*** EXERCISE DATA ***

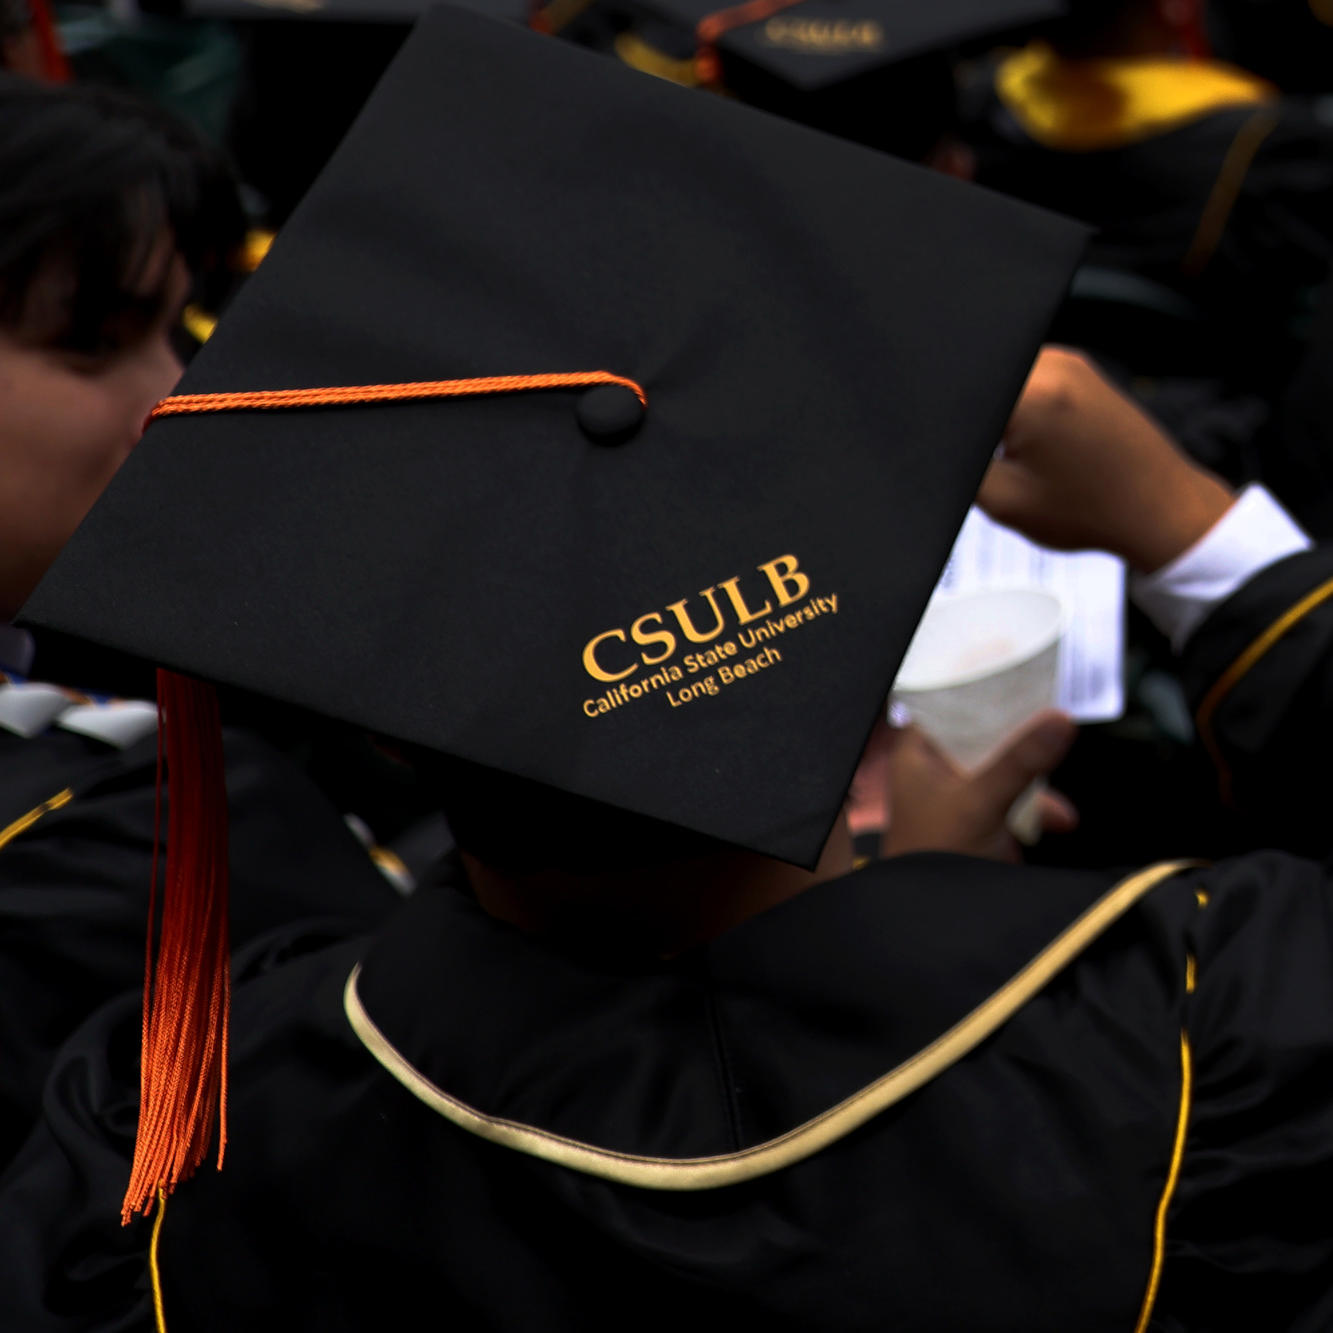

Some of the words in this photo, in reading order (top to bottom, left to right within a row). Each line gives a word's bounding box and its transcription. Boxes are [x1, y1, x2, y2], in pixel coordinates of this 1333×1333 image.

[582, 554, 810, 682] CSULB
[583, 665, 684, 718] California
[683, 641, 738, 673] State
[738, 592, 838, 648] University
[666, 676, 719, 707] Long
[718, 646, 783, 685] Beach
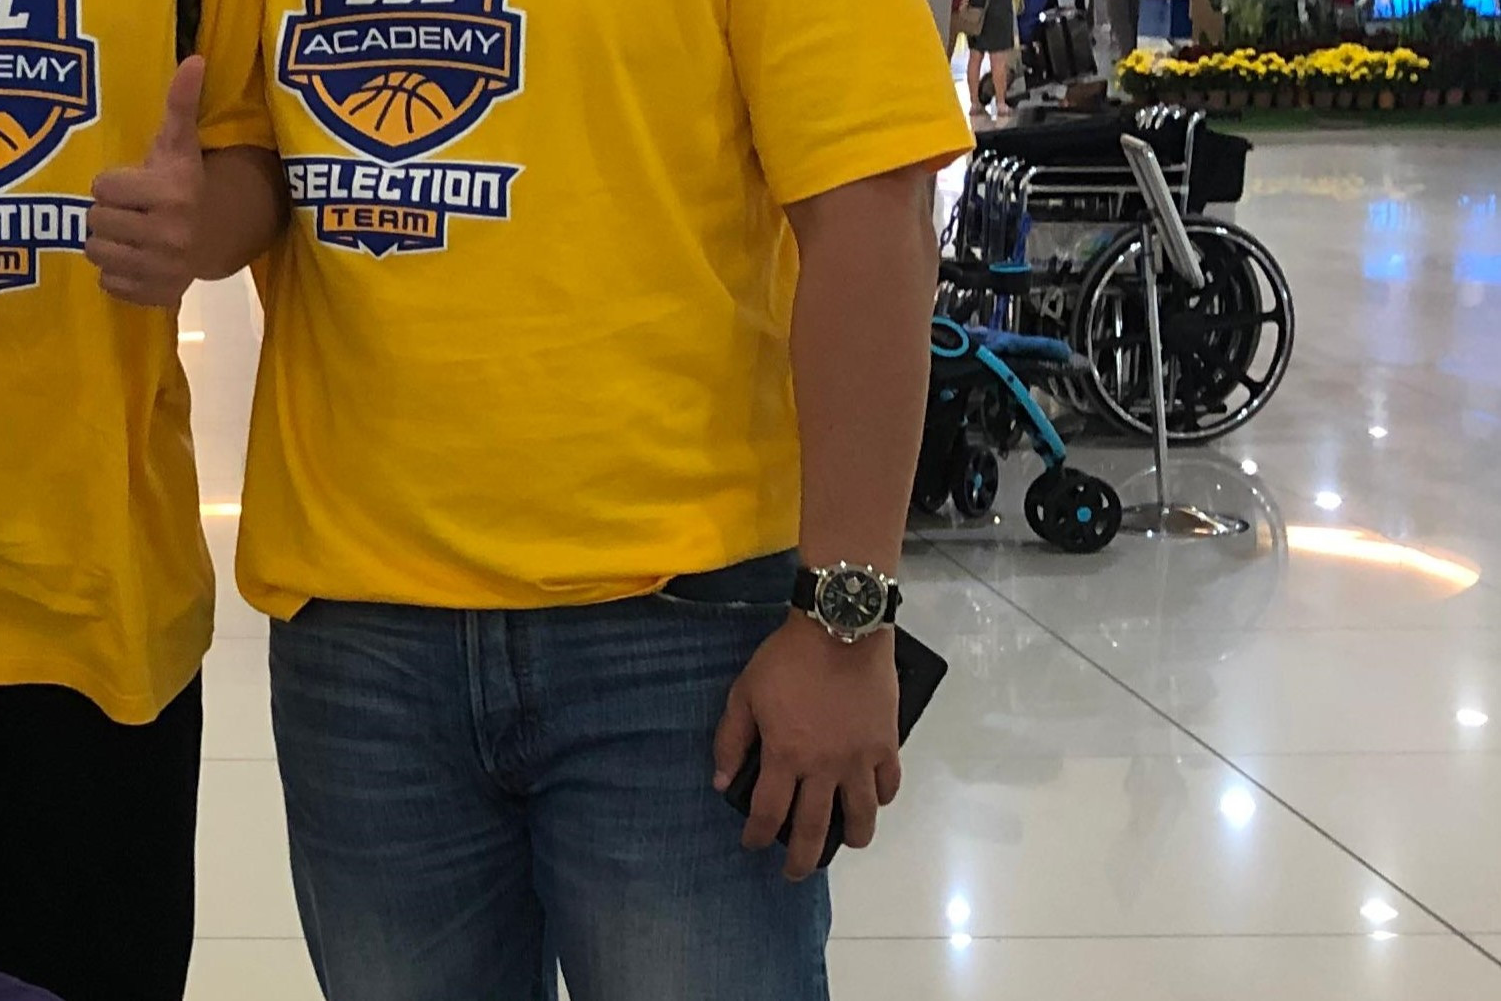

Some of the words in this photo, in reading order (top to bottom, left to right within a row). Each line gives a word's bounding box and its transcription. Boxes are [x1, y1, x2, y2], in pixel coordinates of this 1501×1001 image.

[303, 25, 501, 56] ACADEMY
[288, 164, 502, 210] SELECTION
[331, 207, 430, 234] TEAM
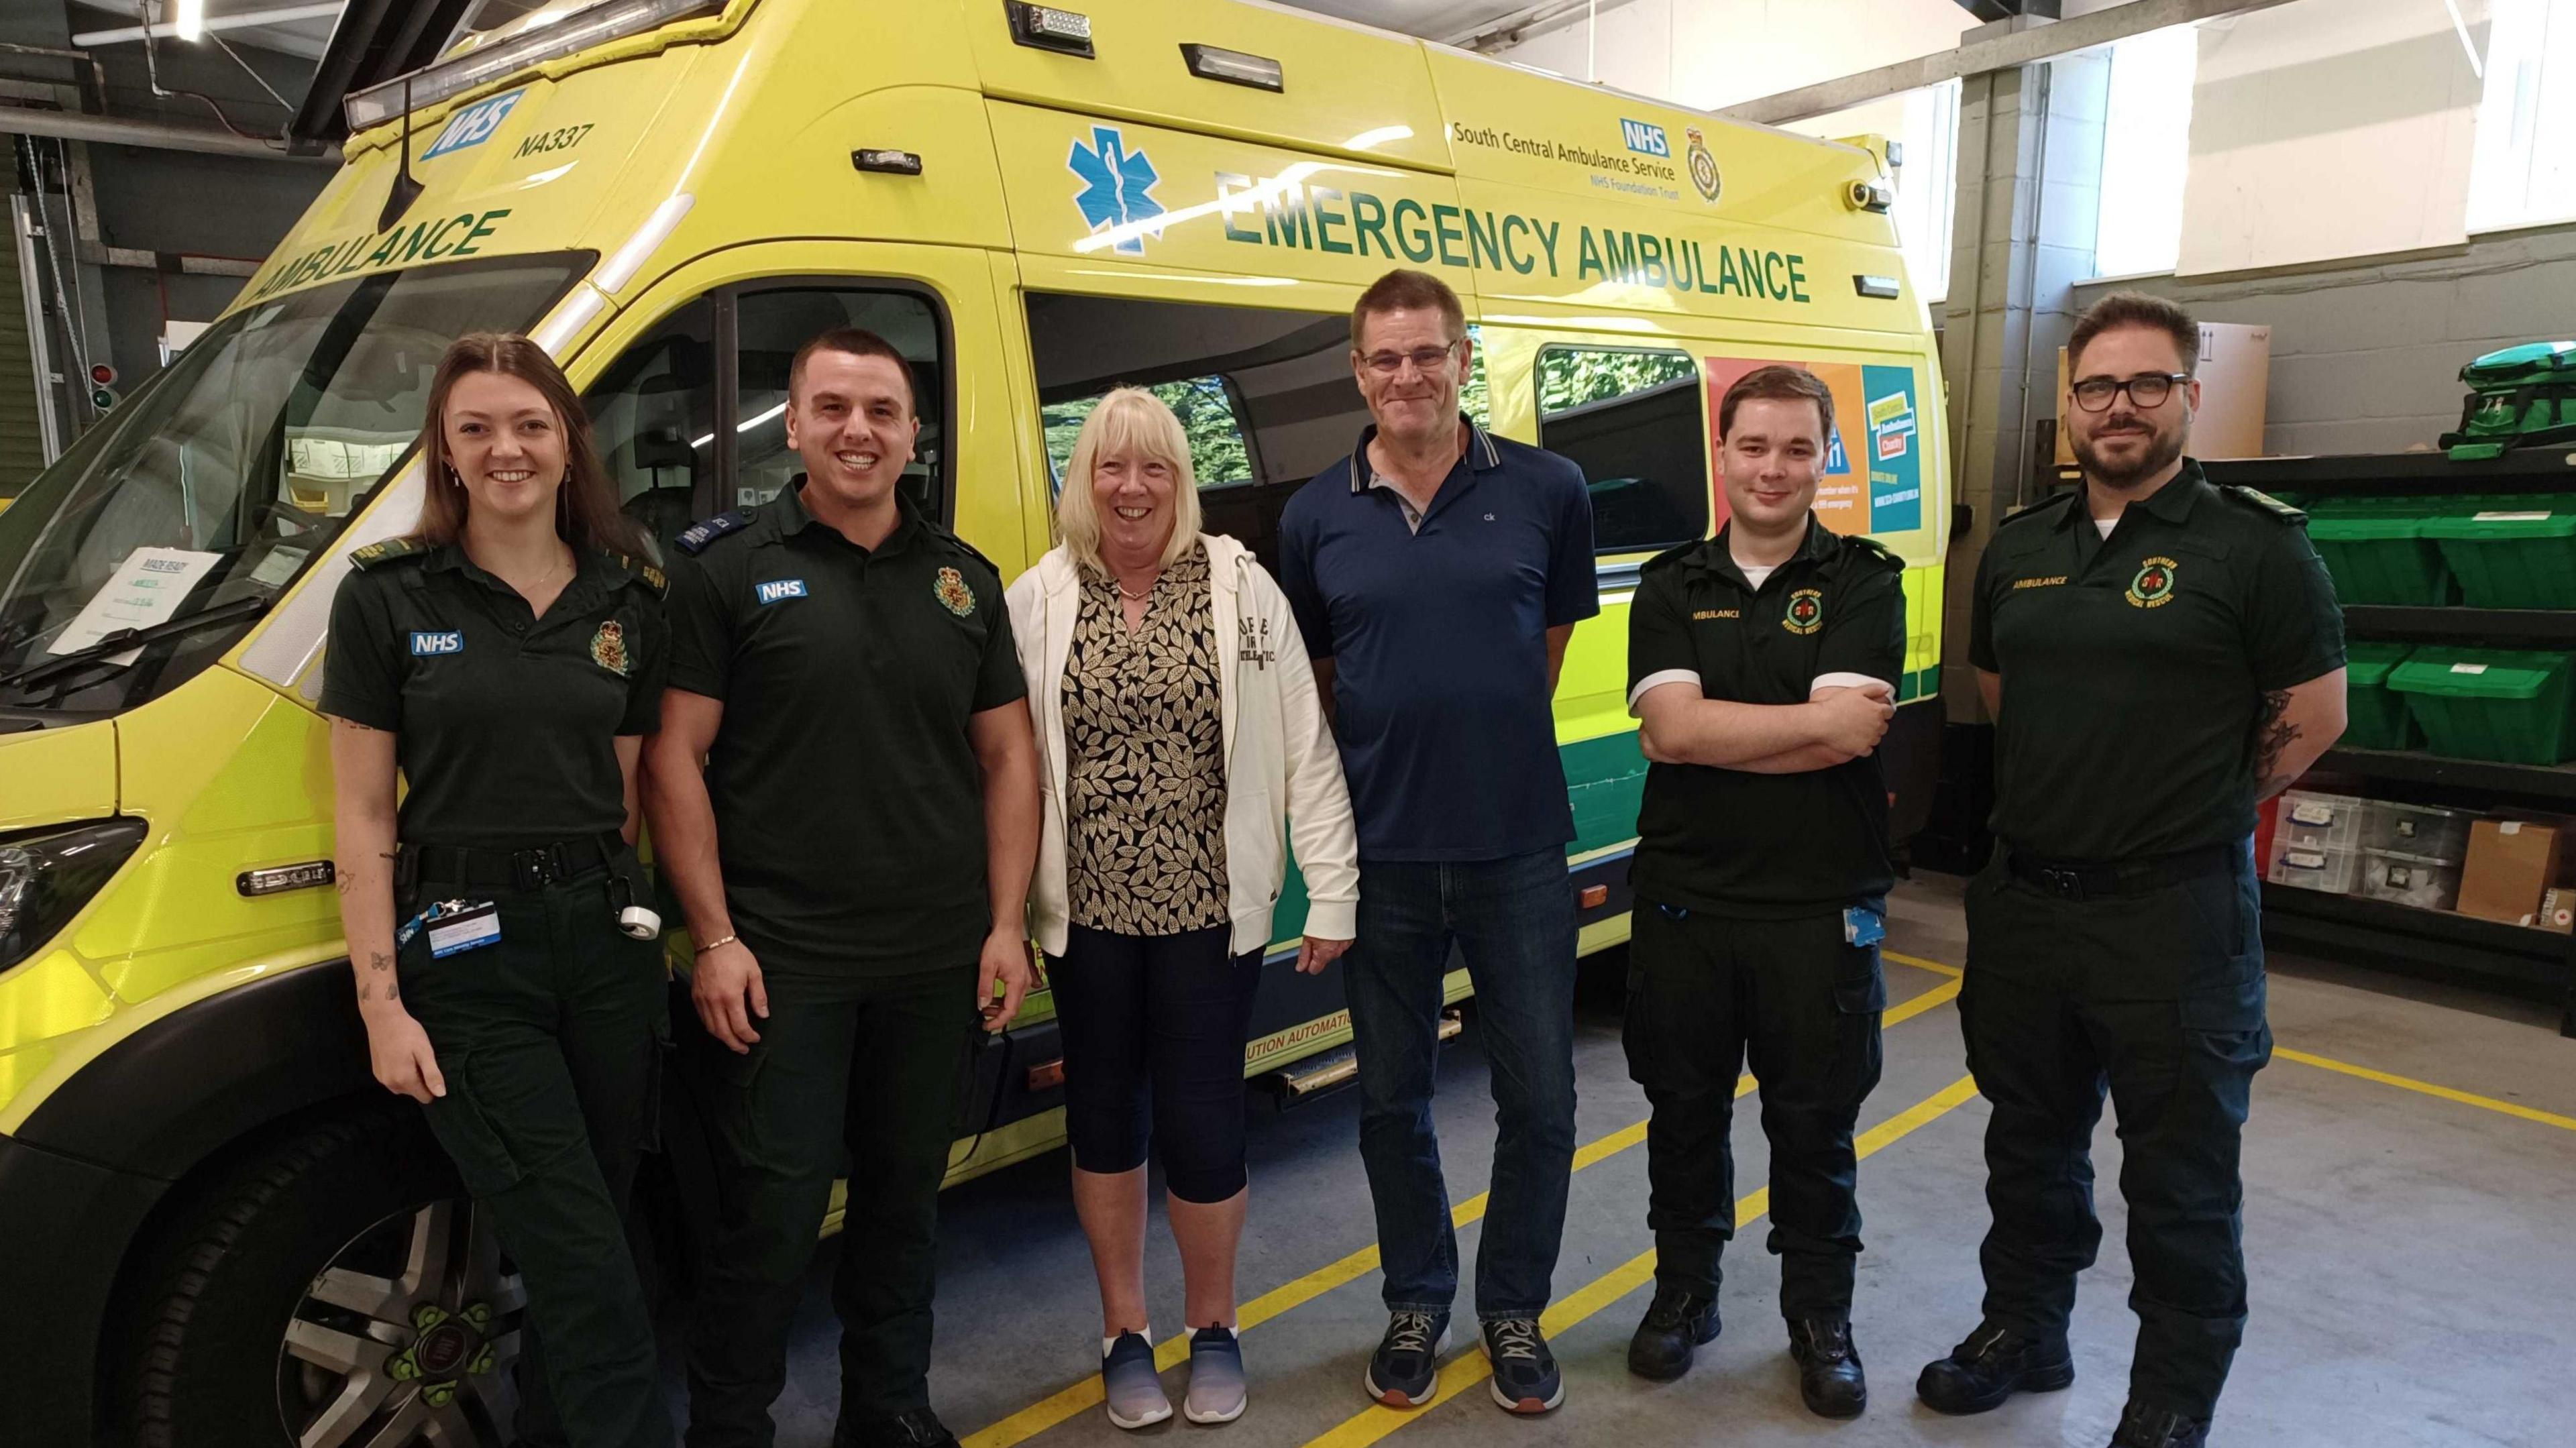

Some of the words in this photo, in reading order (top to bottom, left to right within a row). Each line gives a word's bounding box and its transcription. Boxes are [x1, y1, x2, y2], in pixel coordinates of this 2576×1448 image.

[425, 95, 519, 155] NHS
[513, 123, 595, 160] NA337
[1623, 121, 1666, 155] NHS
[1454, 122, 1499, 148] South
[1503, 132, 1554, 158] Central
[1558, 144, 1629, 173] Ambulance
[1631, 158, 1675, 182] Service
[1591, 175, 1609, 188] NHS
[1610, 178, 1658, 197] Foundation
[1660, 187, 1679, 200] Trust
[254, 209, 512, 299] AMBULANCE
[1215, 172, 1559, 278] EMERGENCY
[1579, 226, 1811, 303] AMBULANCE
[2142, 556, 2178, 570] SOUTHERN
[762, 581, 801, 601] NHS
[2012, 576, 2068, 590] AMBULANCE
[416, 633, 458, 653] NHS

*** End of EXERCISE DATA ***

» WHAT THIS TASK INVOLVES
Each line from the one containing "this 2576×1448 image." to the end of the listing above should be copied exactly, and nothing else.

» SOLUTION FOR THIS EXERCISE
Some of the words in this photo, in reading order (top to bottom, left to right within a row). Each line gives a word's bounding box and its transcription. Boxes are [x1, y1, x2, y2], in pixel coordinates of this 2576×1448 image.

[425, 95, 519, 155] NHS
[513, 123, 595, 160] NA337
[1623, 121, 1666, 155] NHS
[1454, 122, 1499, 148] South
[1503, 132, 1554, 158] Central
[1558, 144, 1629, 173] Ambulance
[1631, 158, 1675, 182] Service
[1591, 175, 1609, 188] NHS
[1610, 178, 1658, 197] Foundation
[1660, 187, 1679, 200] Trust
[254, 209, 512, 299] AMBULANCE
[1215, 172, 1559, 278] EMERGENCY
[1579, 226, 1811, 303] AMBULANCE
[2142, 556, 2178, 570] SOUTHERN
[762, 581, 801, 601] NHS
[2012, 576, 2068, 590] AMBULANCE
[416, 633, 458, 653] NHS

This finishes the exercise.